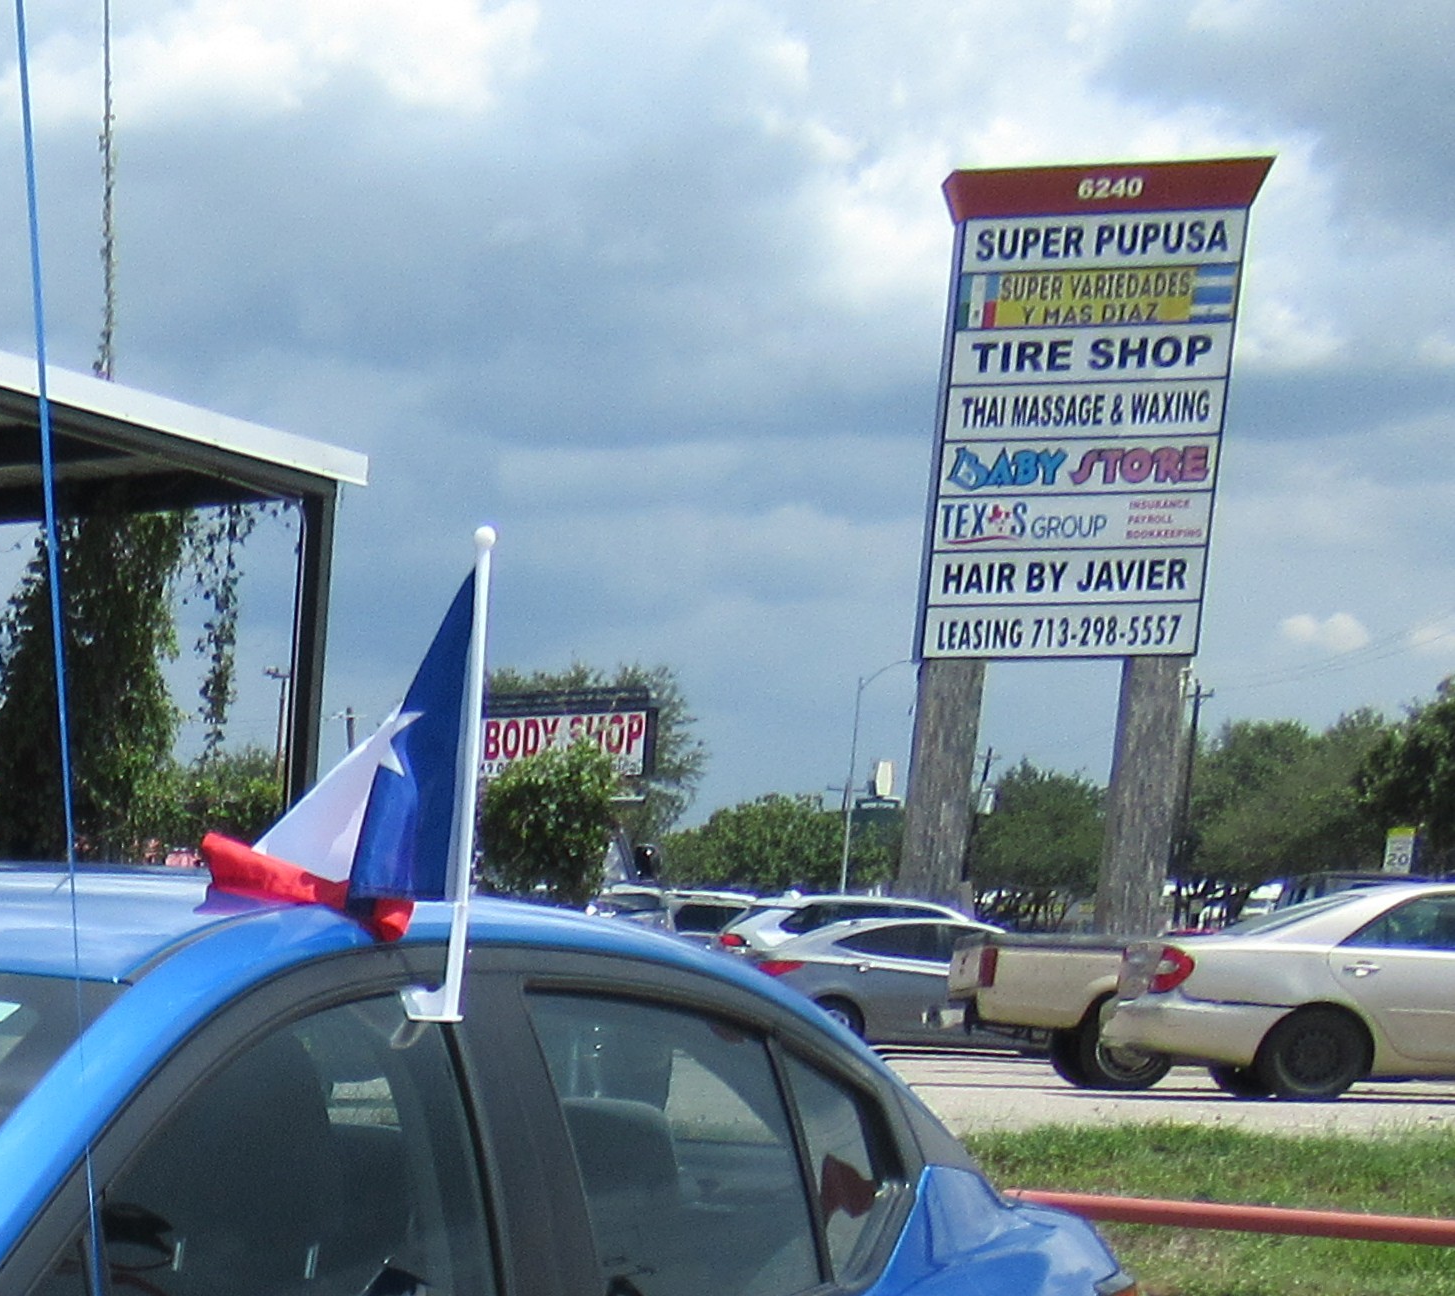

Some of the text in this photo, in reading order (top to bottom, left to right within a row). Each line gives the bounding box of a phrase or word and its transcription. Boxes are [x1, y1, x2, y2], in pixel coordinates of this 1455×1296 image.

[1077, 177, 1144, 199] 6240
[976, 220, 1228, 261] SUPER PUPUSA
[1000, 269, 1190, 301] SUPER VARIEDADES
[1020, 302, 1159, 325] Y MAS DIAZ
[972, 334, 1212, 372] TIRE SHOP
[962, 389, 1210, 428] THAI MASSAGE & WAXING
[948, 446, 1210, 491] BABY STORE
[941, 501, 1108, 539] TEXS GROUP
[941, 558, 1187, 594] HAIR BY JAVIER
[937, 614, 1182, 651] LEASING 713-298-5557
[484, 716, 561, 760] BODY
[1387, 852, 1410, 867] 20
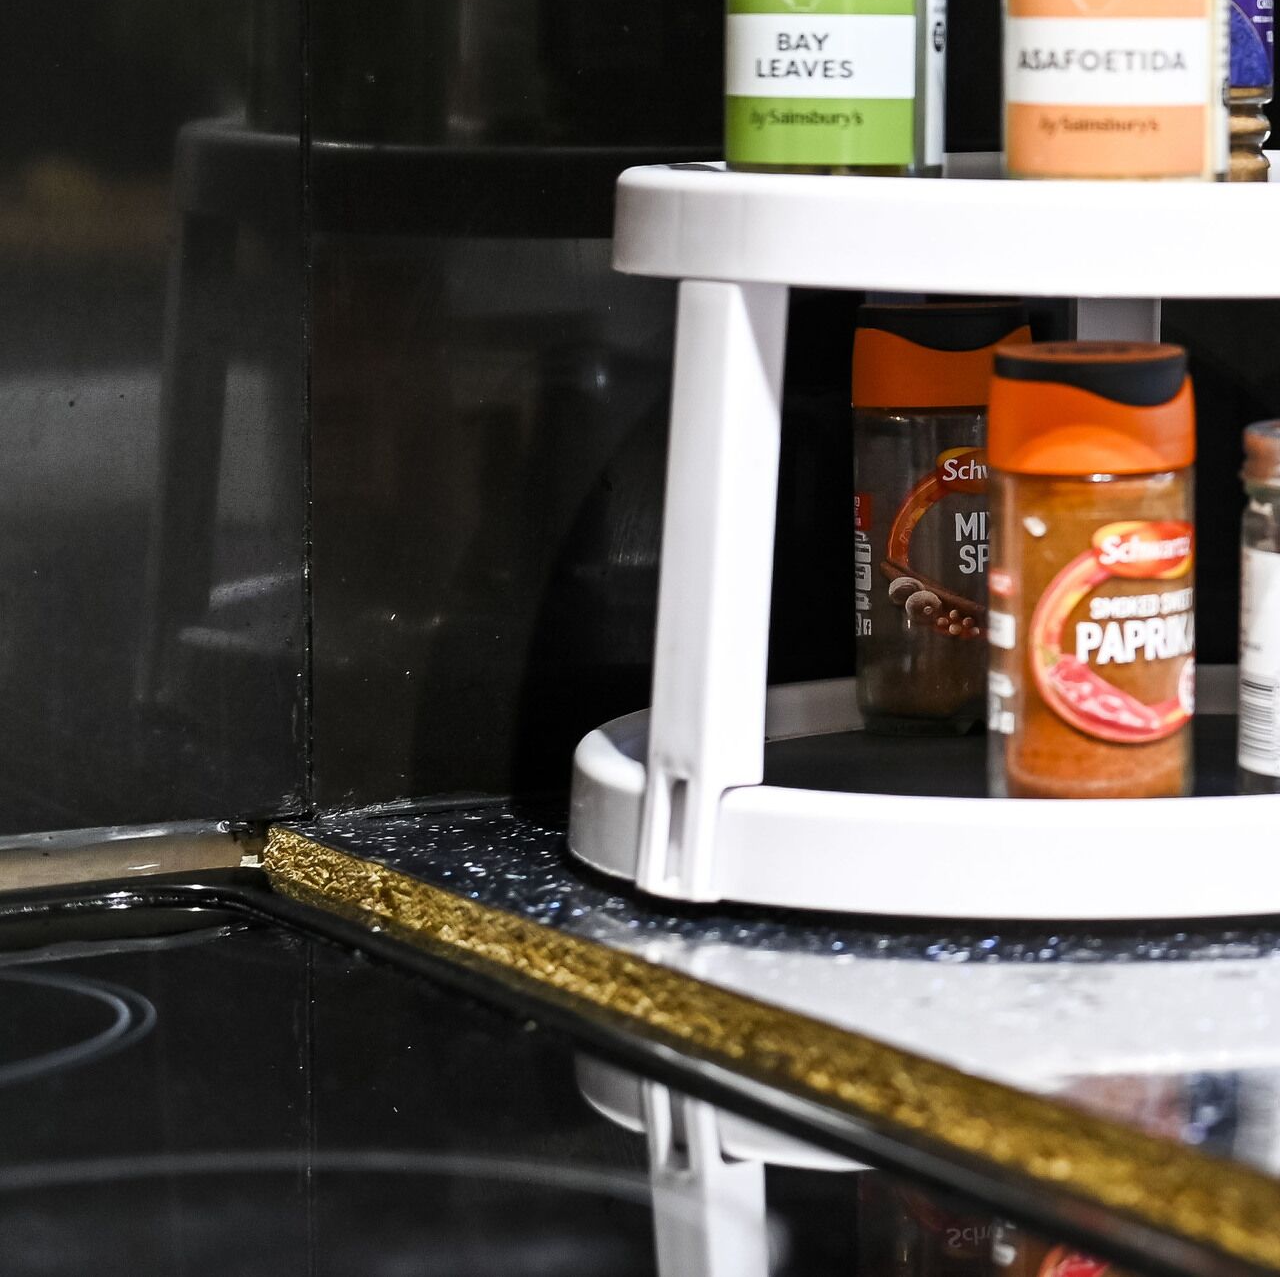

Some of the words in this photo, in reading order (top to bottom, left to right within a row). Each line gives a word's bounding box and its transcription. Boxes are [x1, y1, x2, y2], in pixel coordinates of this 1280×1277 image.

[777, 32, 829, 51] BAY
[755, 58, 854, 79] LEAVES
[1016, 48, 1188, 72] ASAFOETIDA
[954, 511, 990, 542] MI
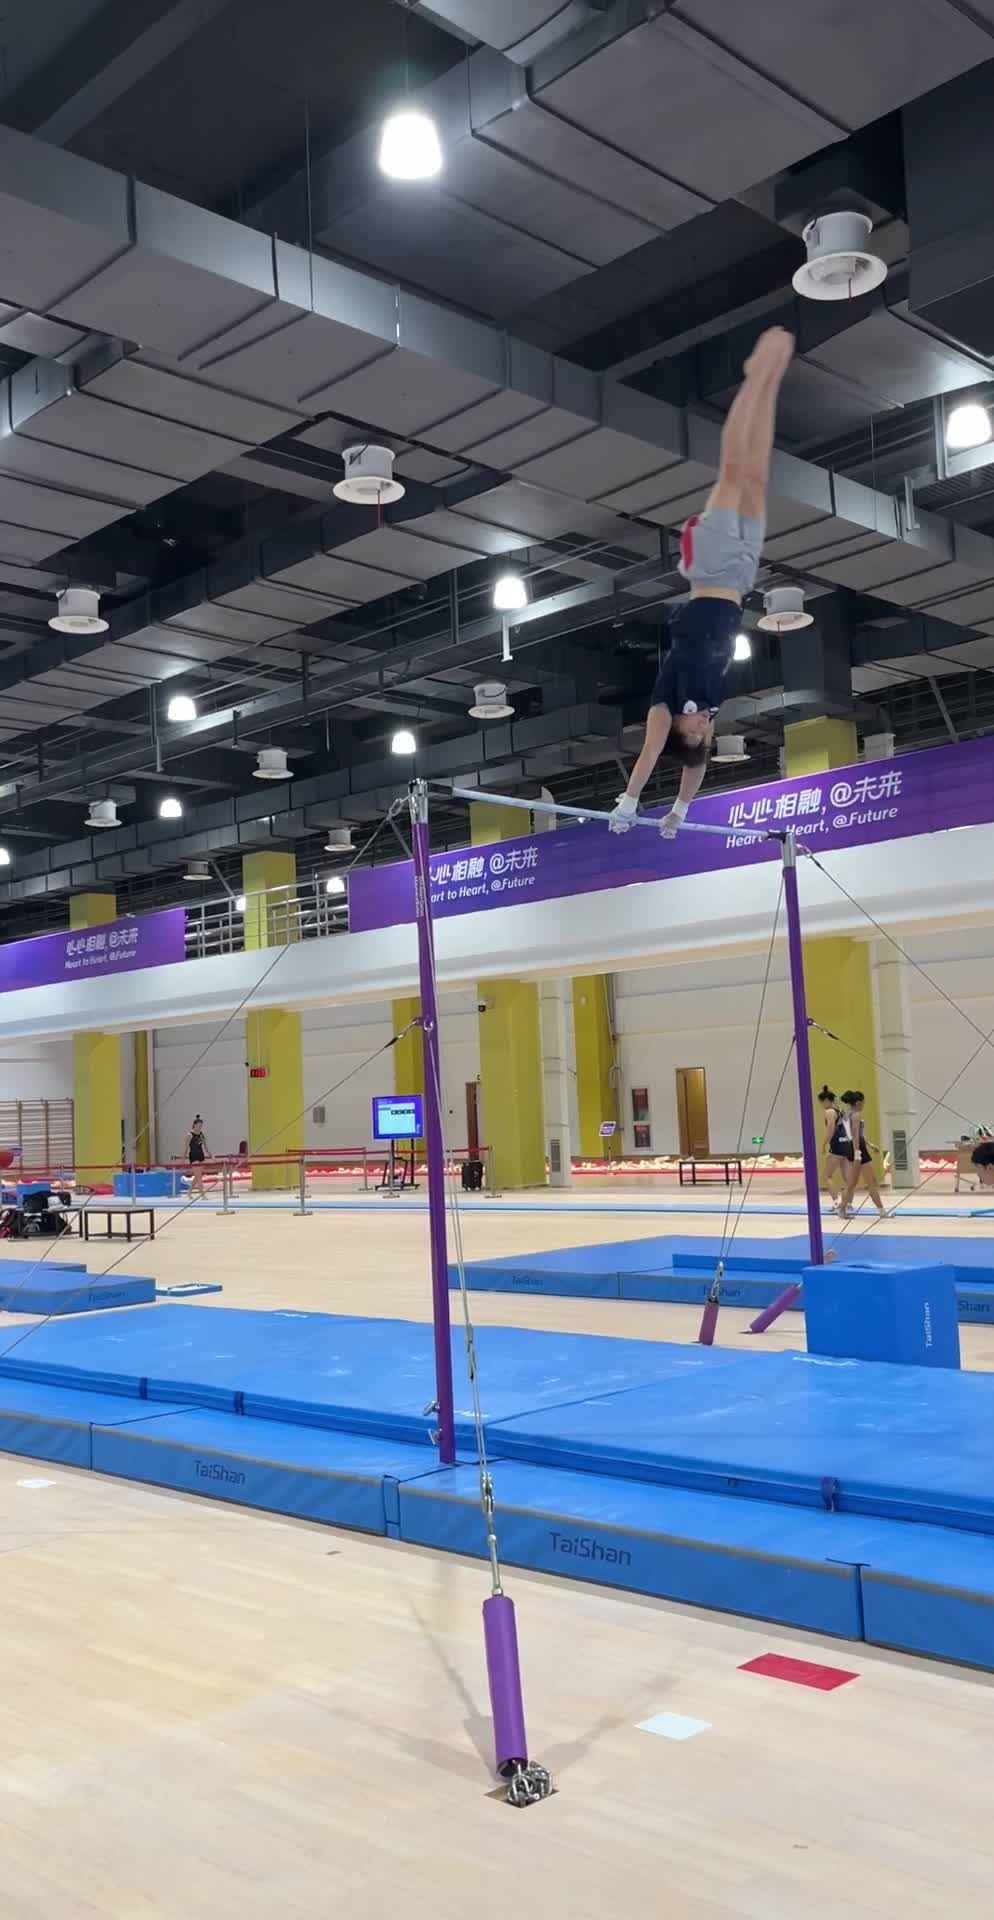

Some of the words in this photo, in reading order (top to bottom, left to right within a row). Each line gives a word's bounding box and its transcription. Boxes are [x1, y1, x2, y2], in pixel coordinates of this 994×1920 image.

[832, 807, 898, 829] @Future
[430, 892, 444, 903] art
[447, 889, 457, 899] to
[459, 883, 489, 897] Heart,
[491, 875, 535, 891] @Future
[959, 1300, 991, 1312] Shan
[194, 1459, 246, 1485] TaiShan
[549, 1531, 632, 1566] TaiShan
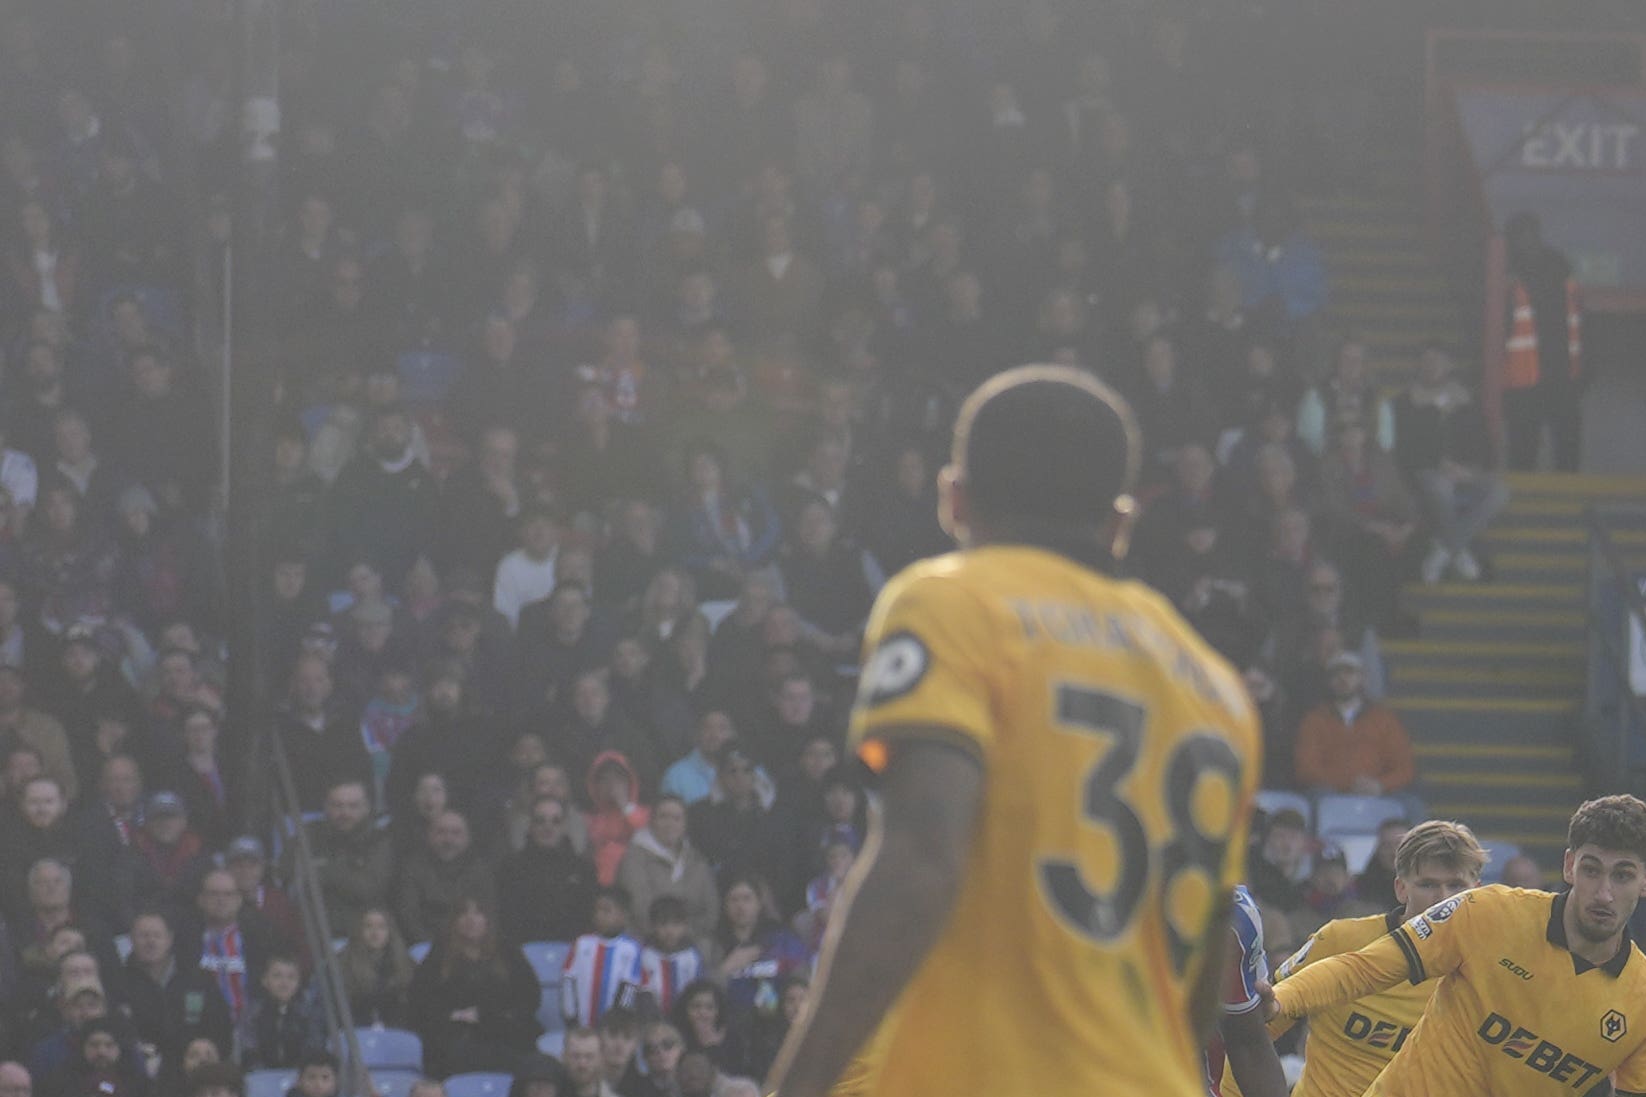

▶ **Exercise brief**
Give the material above again exactly as it stands, minus any images.

▶ **Response to this task**
Some of the text in this photo, in reading order (top to bottom, left to right within a row). Each line gives the bounding box of a phrase or word and its transcription. Boxes are [x1, y1, x2, y2], in pixel coordinates of this 1455×1296 image.

[1077, 177, 1144, 199] 6240
[976, 220, 1228, 261] SUPER PUPUSA
[1000, 269, 1190, 301] SUPER VARIEDADES
[1020, 302, 1159, 325] Y MAS DIAZ
[972, 334, 1212, 372] TIRE SHOP
[962, 389, 1210, 428] THAI MASSAGE & WAXING
[948, 446, 1210, 491] BABY STORE
[941, 501, 1108, 539] TEXS GROUP
[941, 558, 1187, 594] HAIR BY JAVIER
[937, 614, 1182, 651] LEASING 713-298-5557
[484, 716, 561, 760] BODY
[1387, 852, 1410, 867] 20

Some of the words in this photo, in reading order (top to bottom, left to right within a row). Each line gives a word's bounding box and its transcription. Boxes are [x1, y1, x2, y2], in pixel coordinates of this 1280×1277 image.

[777, 32, 829, 51] BAY
[755, 58, 854, 79] LEAVES
[1016, 48, 1188, 72] ASAFOETIDA
[954, 511, 990, 542] MI

Some of the words in this photo, in reading order (top to bottom, left to right within a row). Each line gives a word's bounding box and its transcription. Boxes are [x1, y1, x2, y2], in pixel coordinates of this 994×1920 image.

[832, 807, 898, 829] @Future
[430, 892, 444, 903] art
[447, 889, 457, 899] to
[459, 883, 489, 897] Heart,
[491, 875, 535, 891] @Future
[959, 1300, 991, 1312] Shan
[194, 1459, 246, 1485] TaiShan
[549, 1531, 632, 1566] TaiShan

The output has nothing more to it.